“El que nos puso en la cabeza que podíamos ganar fue Magnano. En la charla previa nos miramos y pensamos que estaba loco”, recuerda Leo Gutiérrez. “Nos dijo que acá nadie venía a sacar fotos, que nadie iba a jugar como si fuera una exhibición, que íbamos a entrar a ganar, a hacer lo que teníamos que hacer y a dejar al descubierto sus errores”, agrega el jugador más ganador de la historia de la Liga Nacional. Y rememora los detalles técnicos: “El partido fue tal como lo planificó: que no anoten los tiradores, que agarren la pelota Ben Wallace y los demás internos. Muchas ayudas, defensas zonales, correr contragolpes y dormir la pelota cuando había que hacerlo”.
Por su parte, Gabi Fernández, quien por aquel entonces ya había emigrado a Europa, donde jugaría en Francia, España e Italia, evoca: “Los más pensantes decían que era muy difícil. Cada jugador que nombraba Rubén era el mejor de la NBA de ese año, y en algún punto hasta nos lo tomábamos con gracia”. Uno de los que lo asimiló de esa manera fue el Puma Montecchia: “Yo le dije a Manu que Pierce le iba a hacer 30 puntos, todos nos decíamos cosas así. Pero fuimos a la charla y Rubén nos dio el planteamiento con una seriedad total, hablando de salir a jugarles de igual a igual, de defender duro. Nos metió en la cabeza que eso era lo que teníamos que hacer. En ese torneo estábamos afiladísimos y si bien uno veía un poco imposible llegar a ganarles, sentíamos que ese día se podía dar”. En la misma línea se ubica Palladino, quien afirma que “fue muy motivadora, nos hizo entender que podíamos vencerlos. Entramos convencidos de que los podíamos derrotar”. El capitán de aquel equipo, Hugo Sconochini, no recuerda nada en particular de ese momento porque “Rubén era un maníaco de la preparación de cada partido, las previas siempre estaban cargadas de detalles: cómo defender, qué hacer en cada momento. La charla fue igual a las que dio cuando jugamos con Uruguay o con Chile. Eso hizo que el equipo tomara confianza, que se sintiera a gusto al jugar un partido que, observado desde otro punto de vista, era imposible. El era el comandante que les decía a las tropas que iban a ganar ese duelo. Fue un momento muy importante del proceso de esa generación”.
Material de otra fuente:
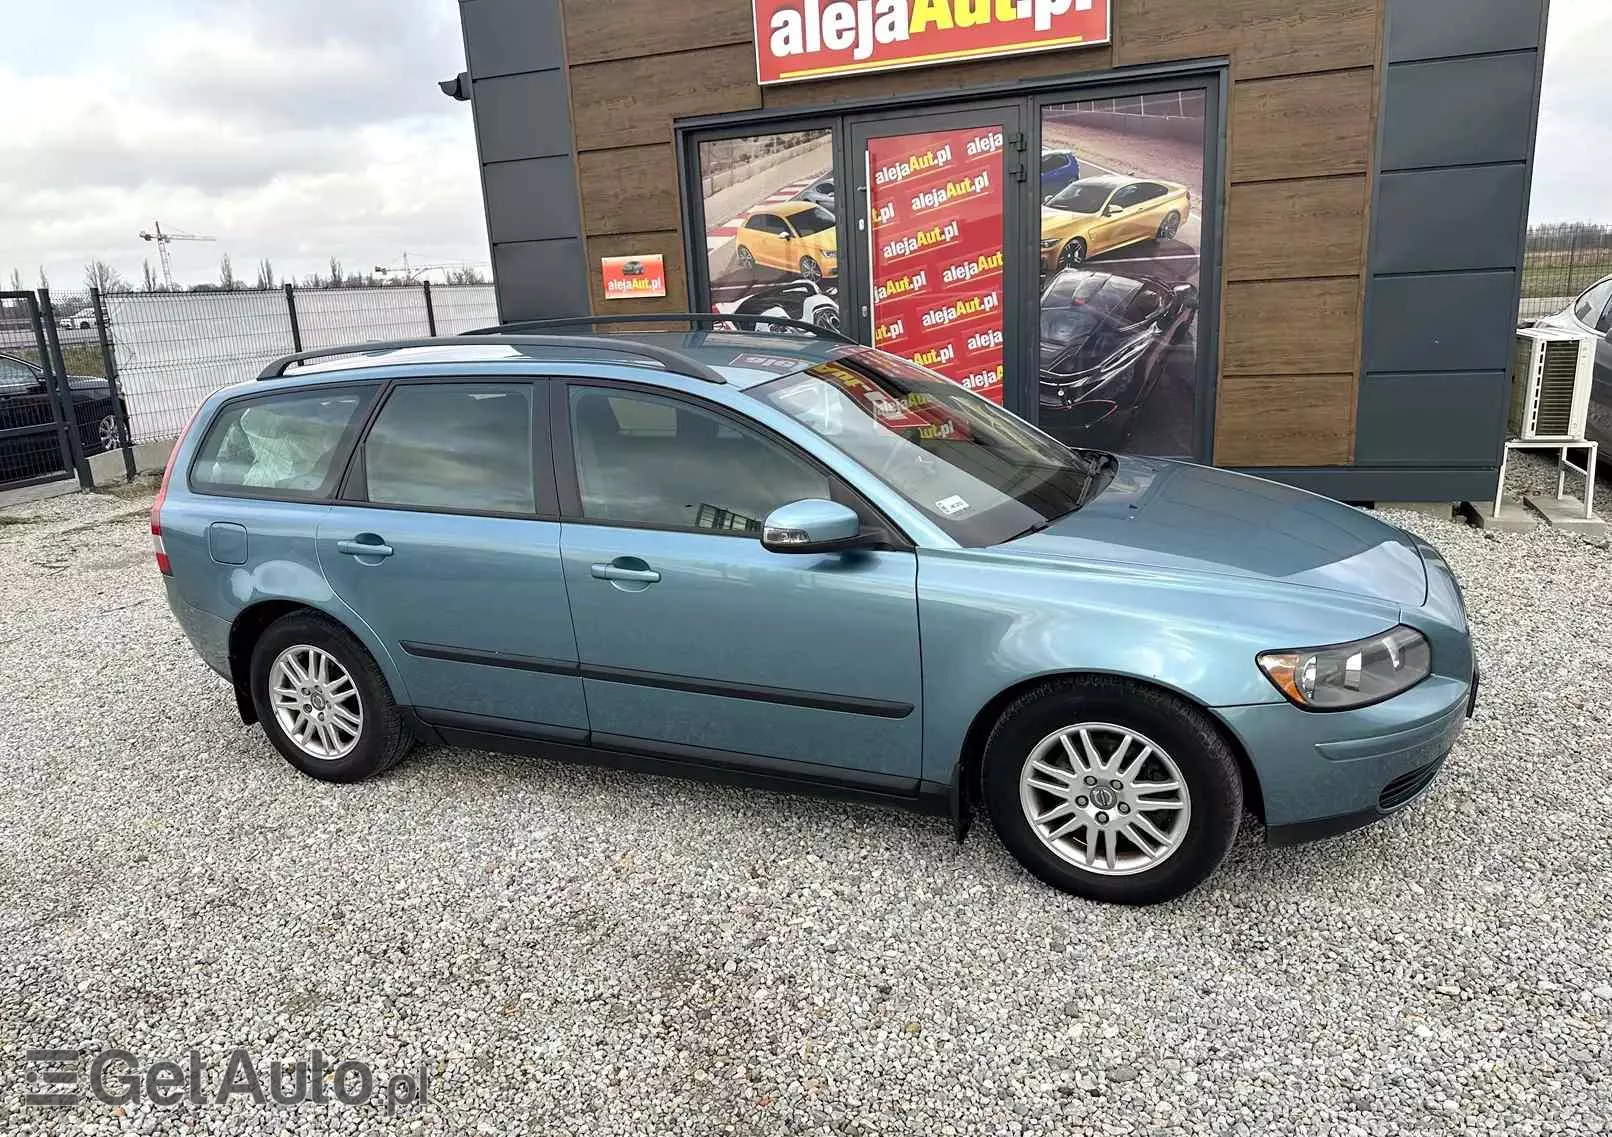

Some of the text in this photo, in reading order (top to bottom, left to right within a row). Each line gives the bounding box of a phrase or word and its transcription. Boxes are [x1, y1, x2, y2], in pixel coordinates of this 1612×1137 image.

[770, 0, 1092, 60] alejaAu.p
[875, 144, 952, 184] alejaAut.pl
[911, 170, 990, 211] alejaAut.pl
[883, 220, 959, 259] alejaAut.pl
[922, 292, 998, 326] alejaAut.pl
[909, 343, 954, 366] Aut.pl
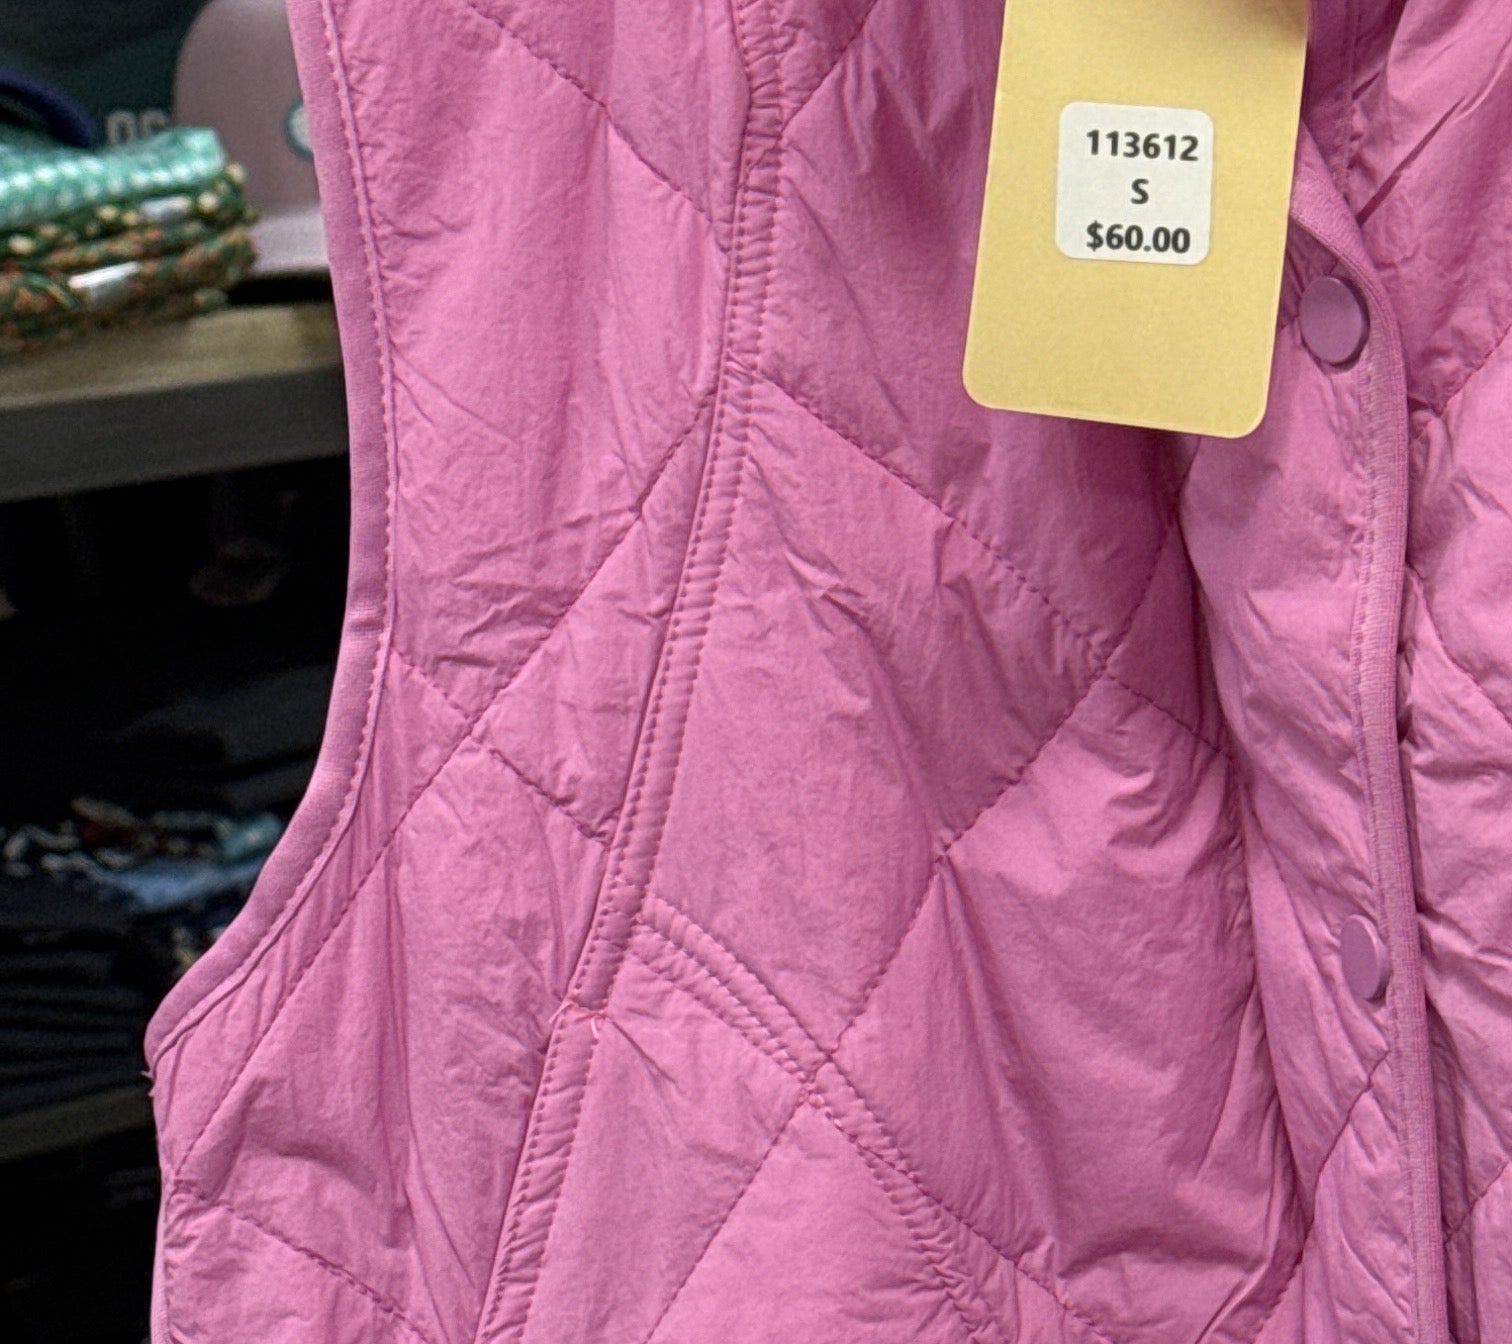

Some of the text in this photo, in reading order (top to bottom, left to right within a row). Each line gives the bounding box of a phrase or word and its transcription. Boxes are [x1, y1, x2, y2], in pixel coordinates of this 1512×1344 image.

Campeón de tres Ligas Nacionales, dos Sudamericanos de Clubes y dos Ligas Sudamericanas con Atenas de Córdoba hasta el momento de su asunción, Magnano tenía sobrados pergaminos para hacerse cargo de la Selección nacional. El responsable de pronunciar aquellas palabras que tanto motivaron al plantel argentino llevaba también más de ocho años en la comisión técnica del seleccionado mayor, y además había trabajado en muchas selecciones menores. Todo eso le permitió, según sus propias palabras, “lograr una formación de nivel internacional”.
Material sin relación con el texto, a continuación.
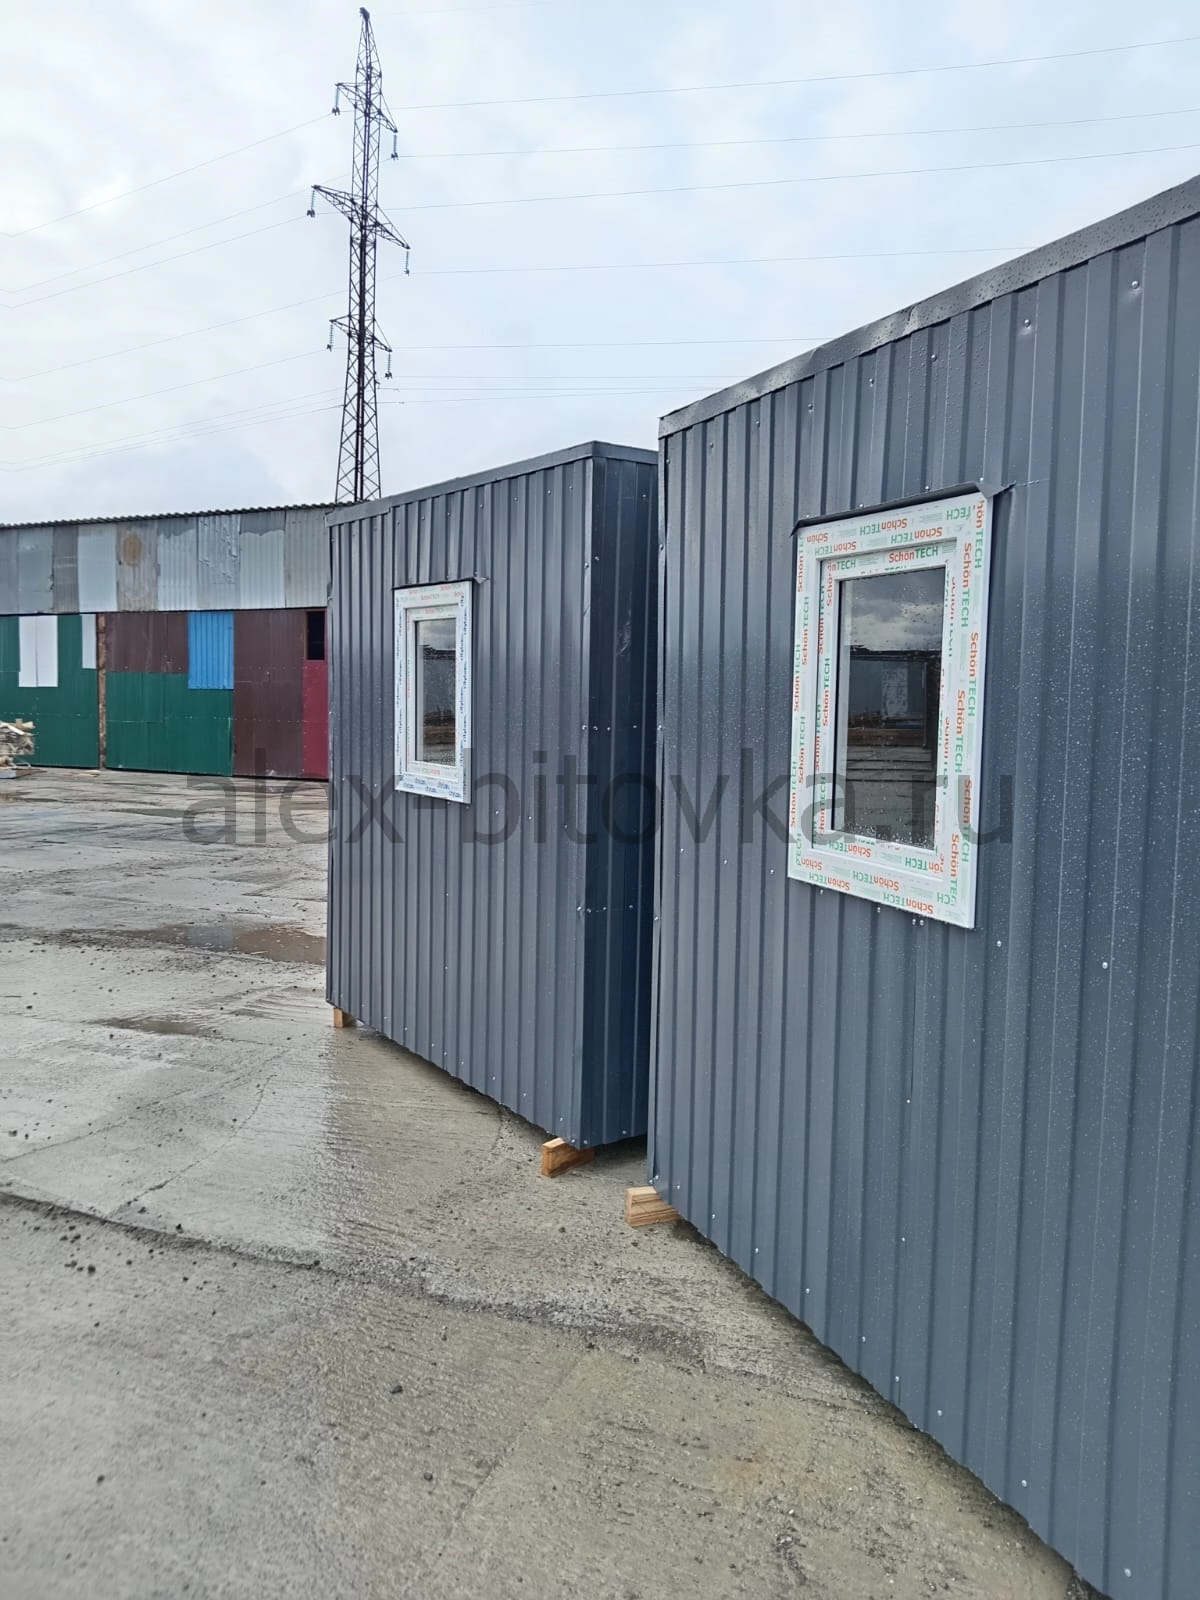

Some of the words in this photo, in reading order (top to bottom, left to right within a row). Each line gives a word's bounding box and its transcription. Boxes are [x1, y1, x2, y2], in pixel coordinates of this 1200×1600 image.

[888, 546, 939, 563] SchönTECH
[960, 543, 972, 628] SchönTECH
[967, 631, 979, 717] SchönTECH
[954, 689, 966, 774] SchönTECH
¿Cómo recuerda él esa ocasión? “Ningún entrenador en la faz de la tierra deja de tener la esperanza de lograr una victoria. Yo creía que el equipo estaba para competir contra Estados Unidos, y mi deber como técnico era insuflar esa confianza. No solo debía hacerlo con palabras, desde el trabajo también tenía que brindarles los elementos que creía que podían darnos el triunfo. Sinceramente, no me acuerdo demasiado qué dije de lo táctico, lo único que recuerdo es que hice hincapié en la intensidad y la agresividad defensiva; la defensa individual fue en un noventa por ciento, o más, lo que nos permitió tener ese rendimiento”, se explaya, y agrega acerca de las sensaciones de los jugadores: “Diez años después, cuando me enteré de lo que sentían, me sorprendí. Algunos sonaban sanamente incrédulos; no sabía que ellos mismos se habían puesto a bromear nombre por nombre. Se ve que me mintieron bien en ese momento, porque yo los miraba a los ojos y pensaba que creían que se podía ganar. Me alegra que hayan podido tomar algo que uno les dijo, alguna pequeña cosa, ya fuera de la parte emotiva, psicológica o incluso táctica, para despertar esa credibilidad y esa confianza. Como entrenador, haber llegado a ellos durante esa charla me deja extremadamente contento. Creo que el entrenador también debe tener esa capacidad, pero en el momento, para mí estaban todos convencidos, igual que yo”.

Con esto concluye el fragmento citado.